◆ **TASK ITEM**
Set every record down verbatim and omit the pictures.

== Segment start ==

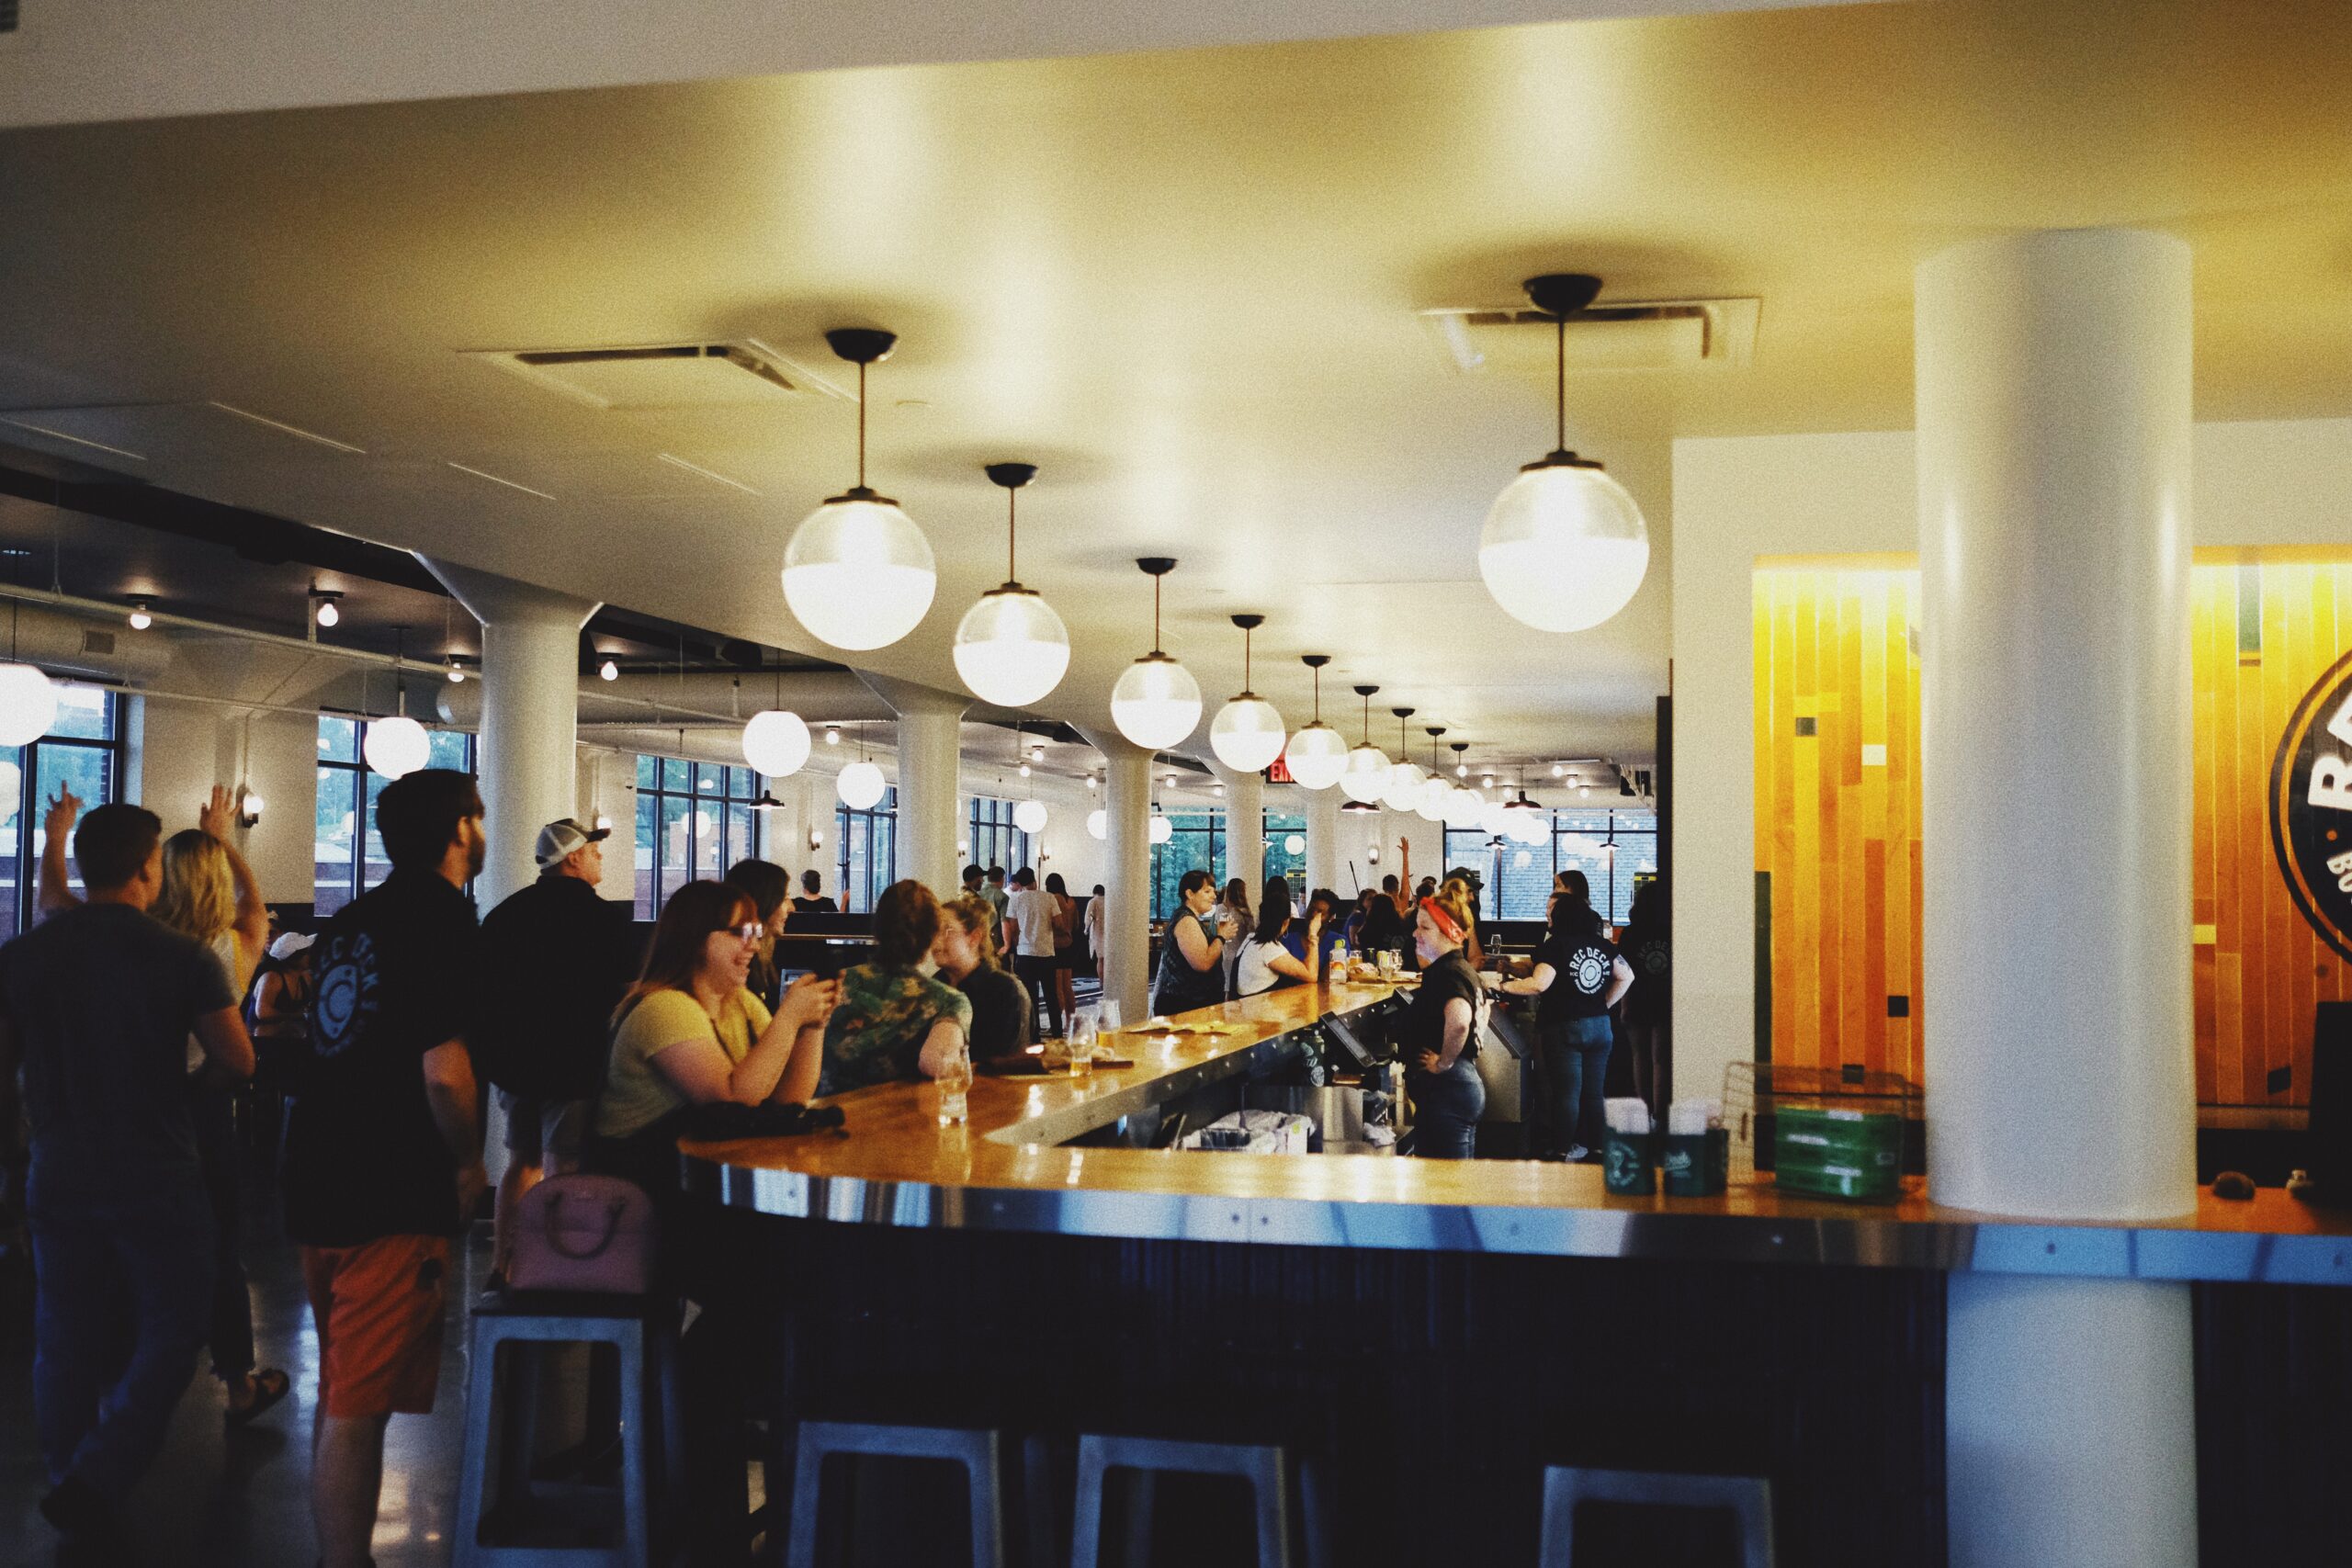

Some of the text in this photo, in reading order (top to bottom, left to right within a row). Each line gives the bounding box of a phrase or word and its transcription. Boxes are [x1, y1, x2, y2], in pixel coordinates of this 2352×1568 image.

[1271, 763, 1294, 782] EXI
[1569, 947, 1611, 970] REC DECK
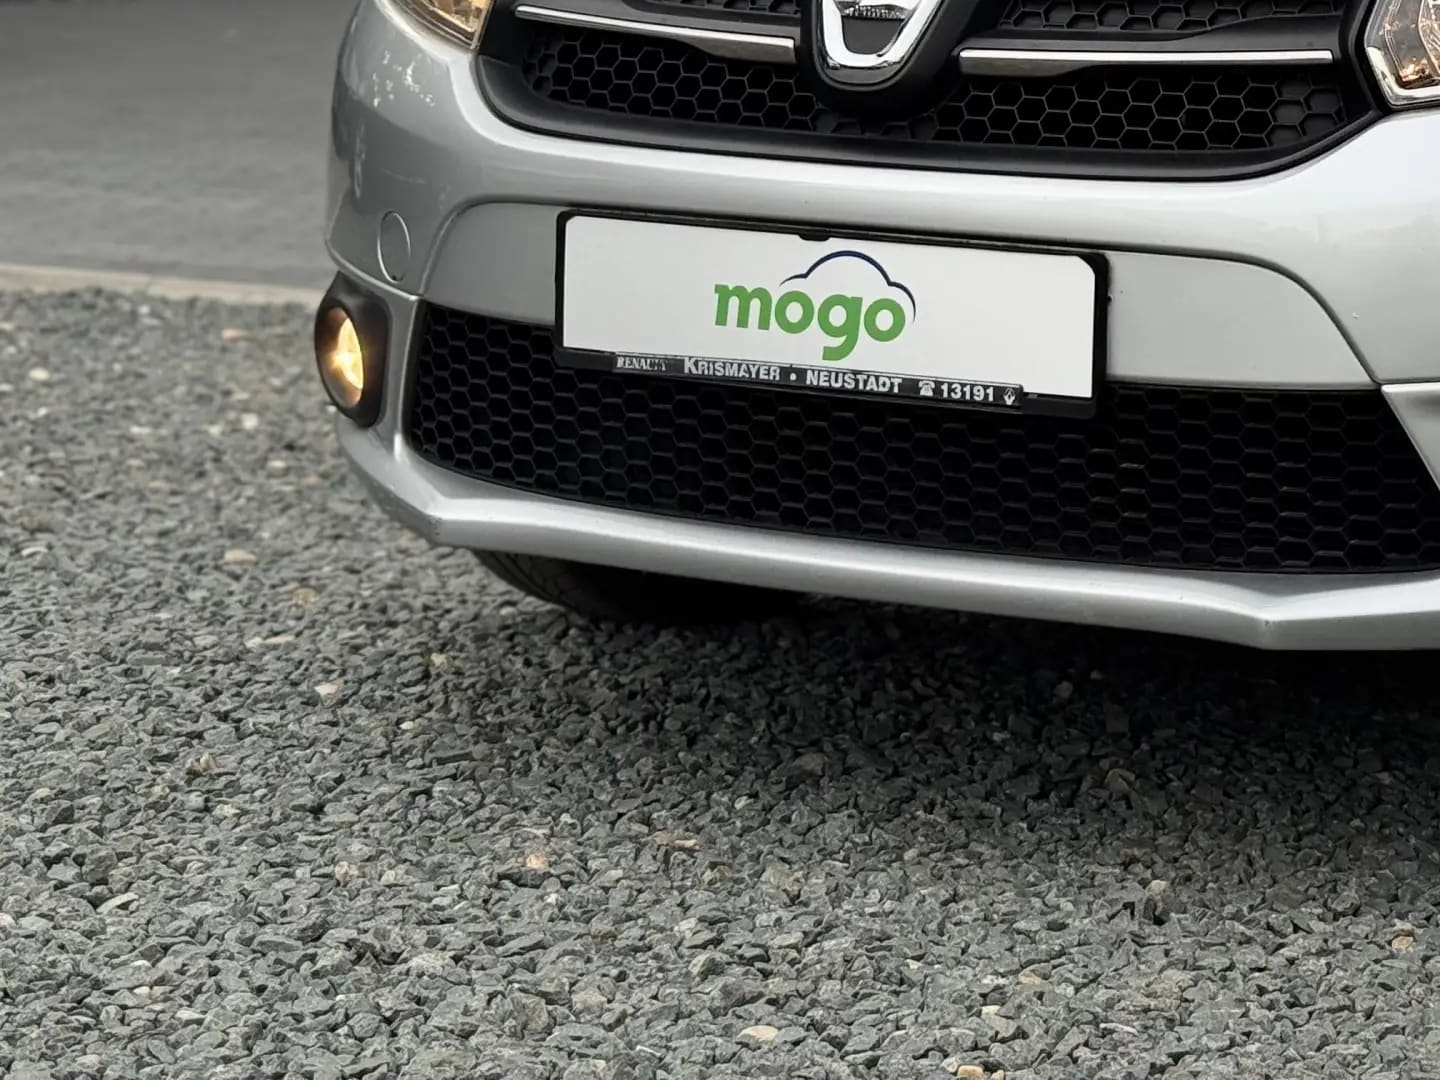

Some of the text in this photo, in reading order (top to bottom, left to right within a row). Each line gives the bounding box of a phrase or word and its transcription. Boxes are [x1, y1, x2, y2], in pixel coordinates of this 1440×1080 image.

[713, 282, 906, 361] mogo
[805, 369, 903, 394] NEUSTADT
[940, 382, 995, 402] 13191

== Segment end ==

◆ **RESPONSE TO THIS TASK**
Some of the text in this photo, in reading order (top to bottom, left to right within a row). Each line gives the bounding box of a phrase or word and its transcription. Boxes are [x1, y1, x2, y2], in pixel coordinates of this 2352×1568 image.

[1271, 763, 1294, 782] EXI
[1569, 947, 1611, 970] REC DECK

Some of the text in this photo, in reading order (top to bottom, left to right within a row). Each line gives the bounding box of a phrase or word and its transcription. Boxes are [x1, y1, x2, y2], in pixel coordinates of this 1440×1080 image.

[713, 282, 906, 361] mogo
[805, 369, 903, 394] NEUSTADT
[940, 382, 995, 402] 13191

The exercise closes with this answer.